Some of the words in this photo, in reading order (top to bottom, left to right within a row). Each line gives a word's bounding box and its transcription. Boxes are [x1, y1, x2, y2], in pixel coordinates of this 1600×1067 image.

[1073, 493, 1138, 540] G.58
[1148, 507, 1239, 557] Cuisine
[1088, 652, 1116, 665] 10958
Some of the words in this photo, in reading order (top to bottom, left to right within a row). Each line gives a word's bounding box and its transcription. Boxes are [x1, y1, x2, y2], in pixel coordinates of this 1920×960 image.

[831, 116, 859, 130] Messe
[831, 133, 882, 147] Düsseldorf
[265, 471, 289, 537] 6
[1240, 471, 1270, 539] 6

────────────────────────────────────────

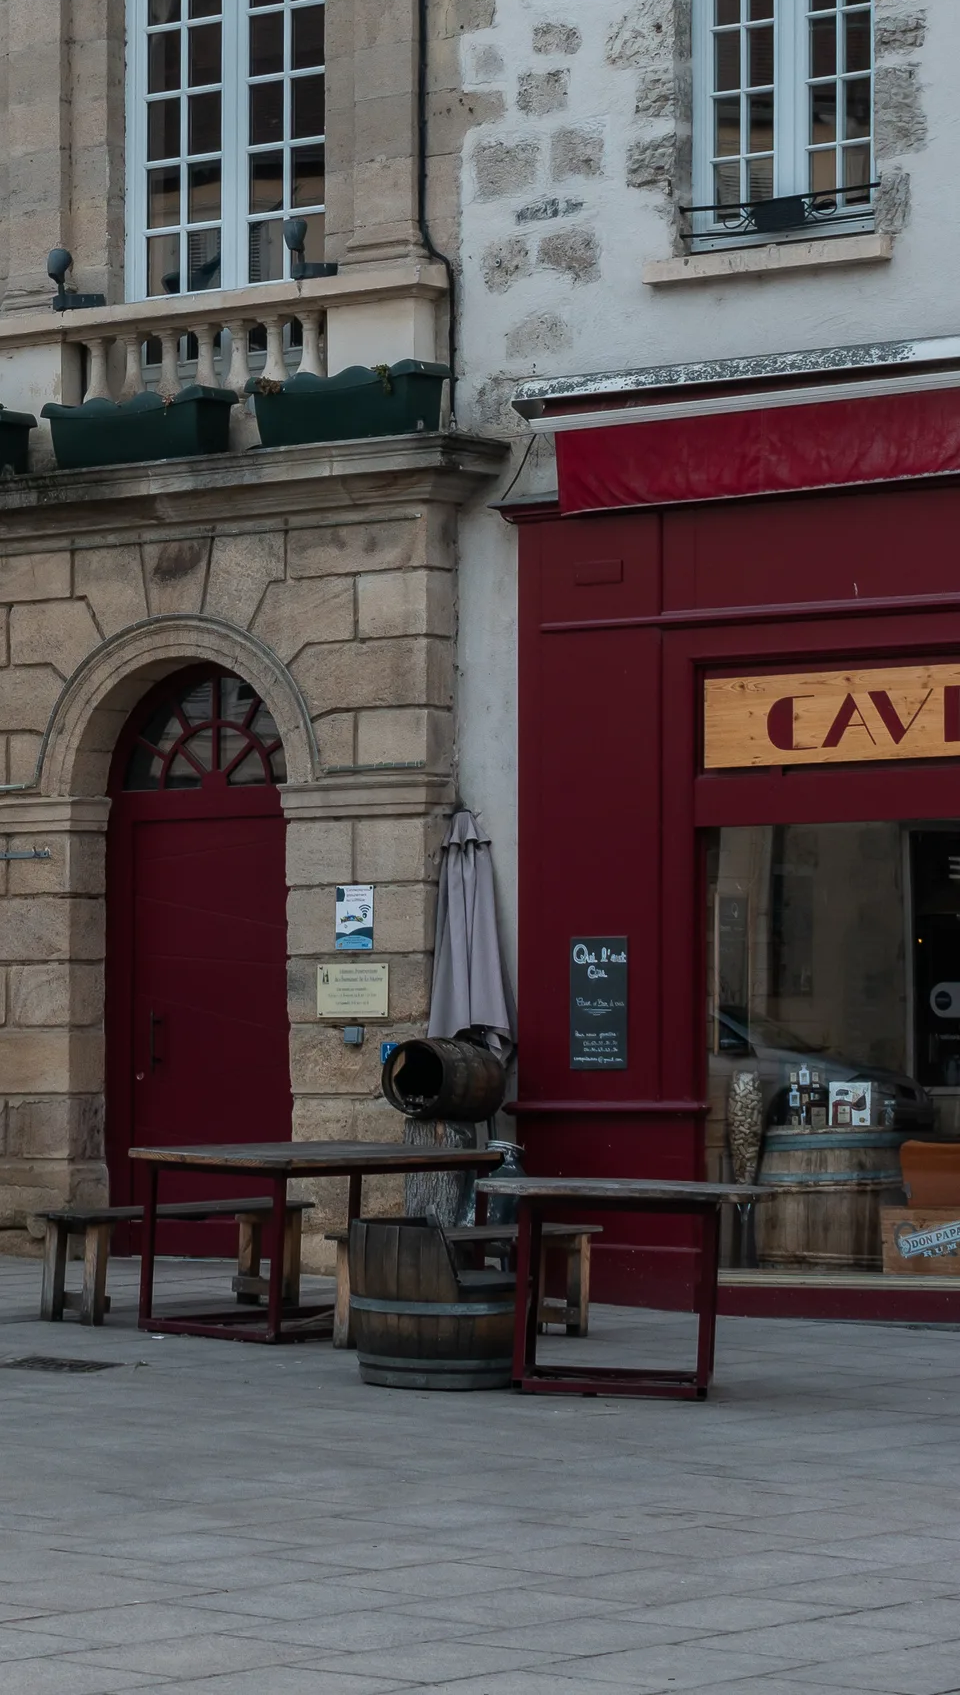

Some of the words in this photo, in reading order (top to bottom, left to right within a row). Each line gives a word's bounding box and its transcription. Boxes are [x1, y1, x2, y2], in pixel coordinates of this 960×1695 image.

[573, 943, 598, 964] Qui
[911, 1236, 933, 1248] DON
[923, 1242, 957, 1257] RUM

────────────────────────────────────────

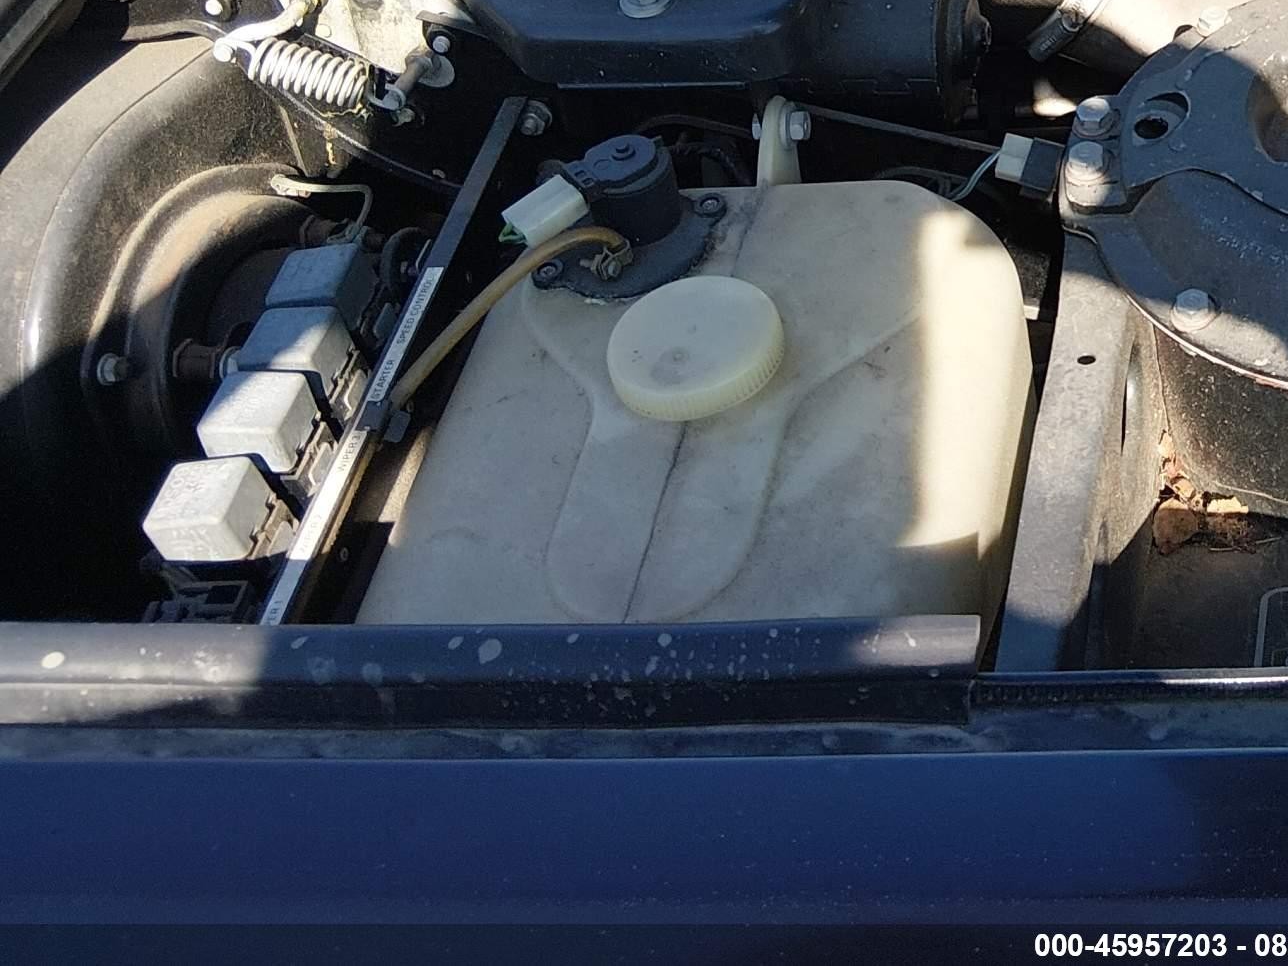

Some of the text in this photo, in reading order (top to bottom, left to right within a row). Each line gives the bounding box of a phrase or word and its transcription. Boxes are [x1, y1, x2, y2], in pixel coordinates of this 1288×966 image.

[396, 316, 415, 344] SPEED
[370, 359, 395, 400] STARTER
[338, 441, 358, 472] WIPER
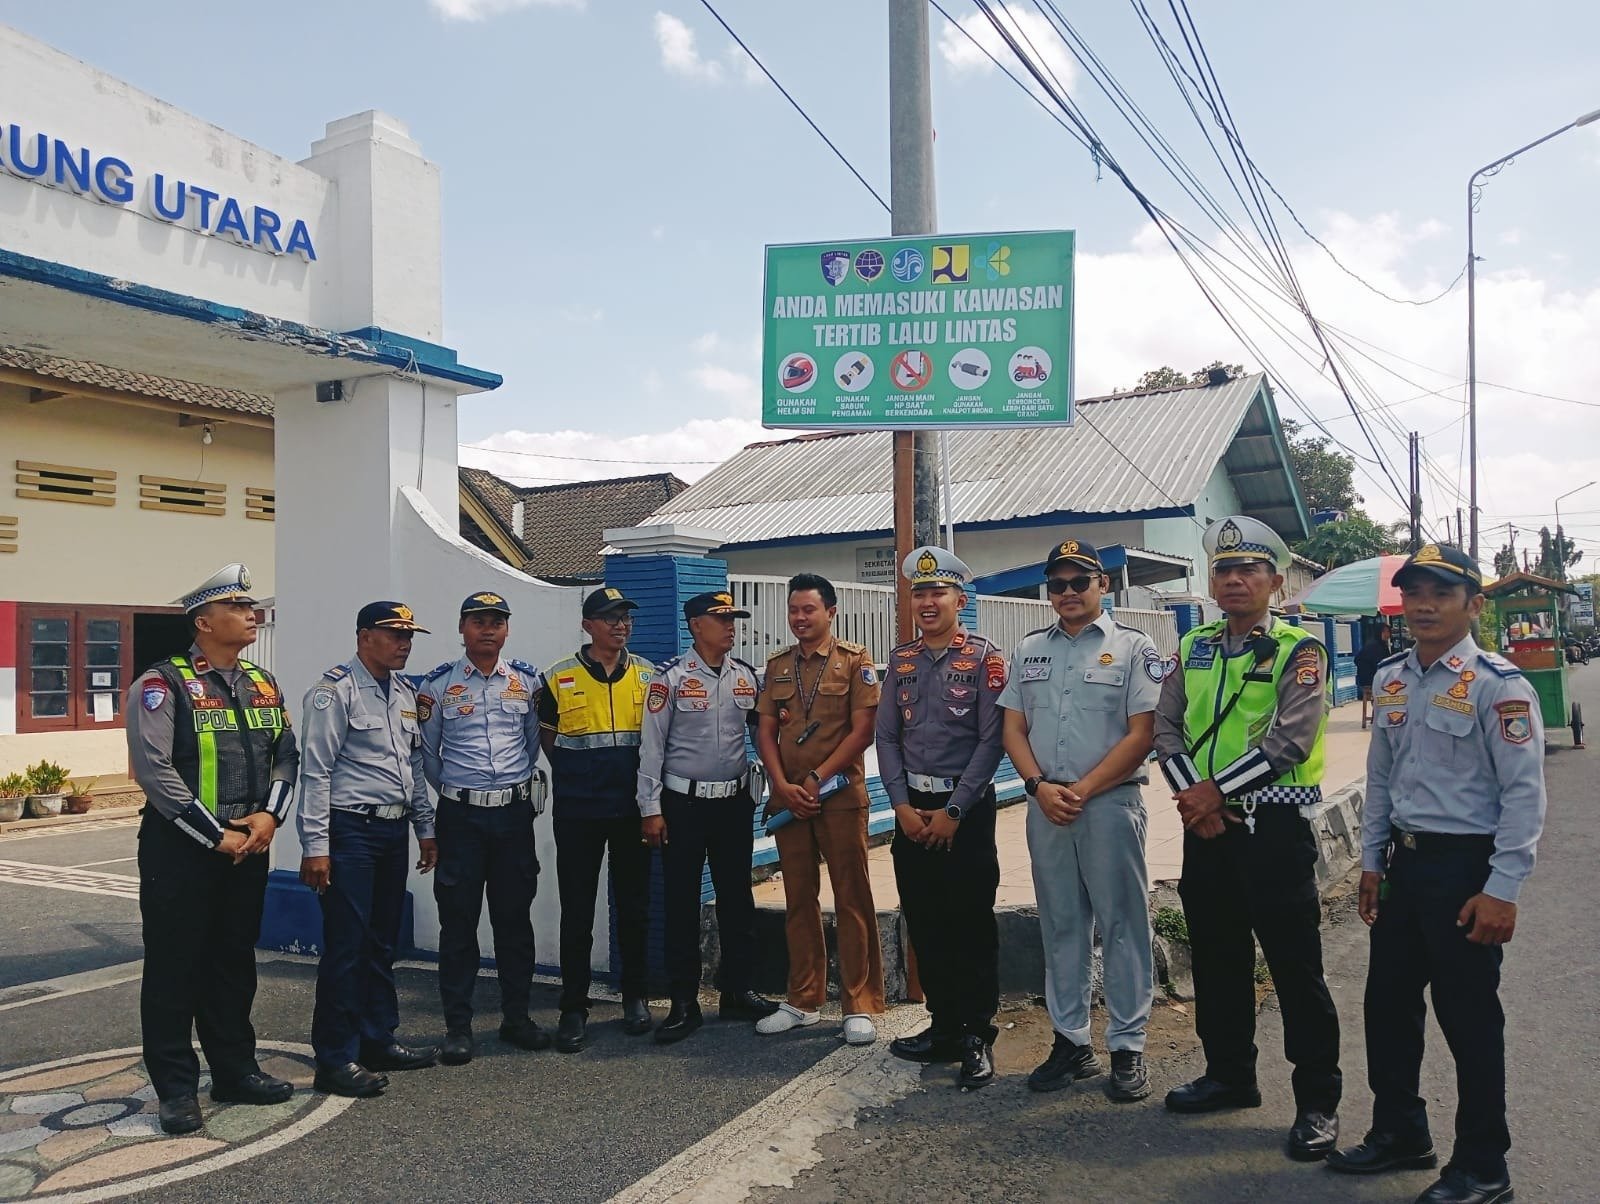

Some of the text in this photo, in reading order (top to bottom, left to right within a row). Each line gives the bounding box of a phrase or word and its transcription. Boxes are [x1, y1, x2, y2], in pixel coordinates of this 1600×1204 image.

────────────────────────────────────────

*WHAT THE TASK ASKS*: Nothing but the lines from the one with "this 1288×966 image." to the one with "this 1600×1204 image." above, both included, should be transcribed, exactly and without pictures.

*SOLUTION BELOW*:
Some of the text in this photo, in reading order (top to bottom, left to right within a row). Each line gives the bounding box of a phrase or word and its transcription. Boxes are [x1, y1, x2, y2], in pixel coordinates of this 1288×966 image.

[396, 316, 415, 344] SPEED
[370, 359, 395, 400] STARTER
[338, 441, 358, 472] WIPER

Some of the text in this photo, in reading order (top to bottom, left to right within a row). Each line gives the bounding box of a phrase or word and its transcription. Boxes are [x1, y1, x2, y2], in pixel coordinates of this 1600×1204 image.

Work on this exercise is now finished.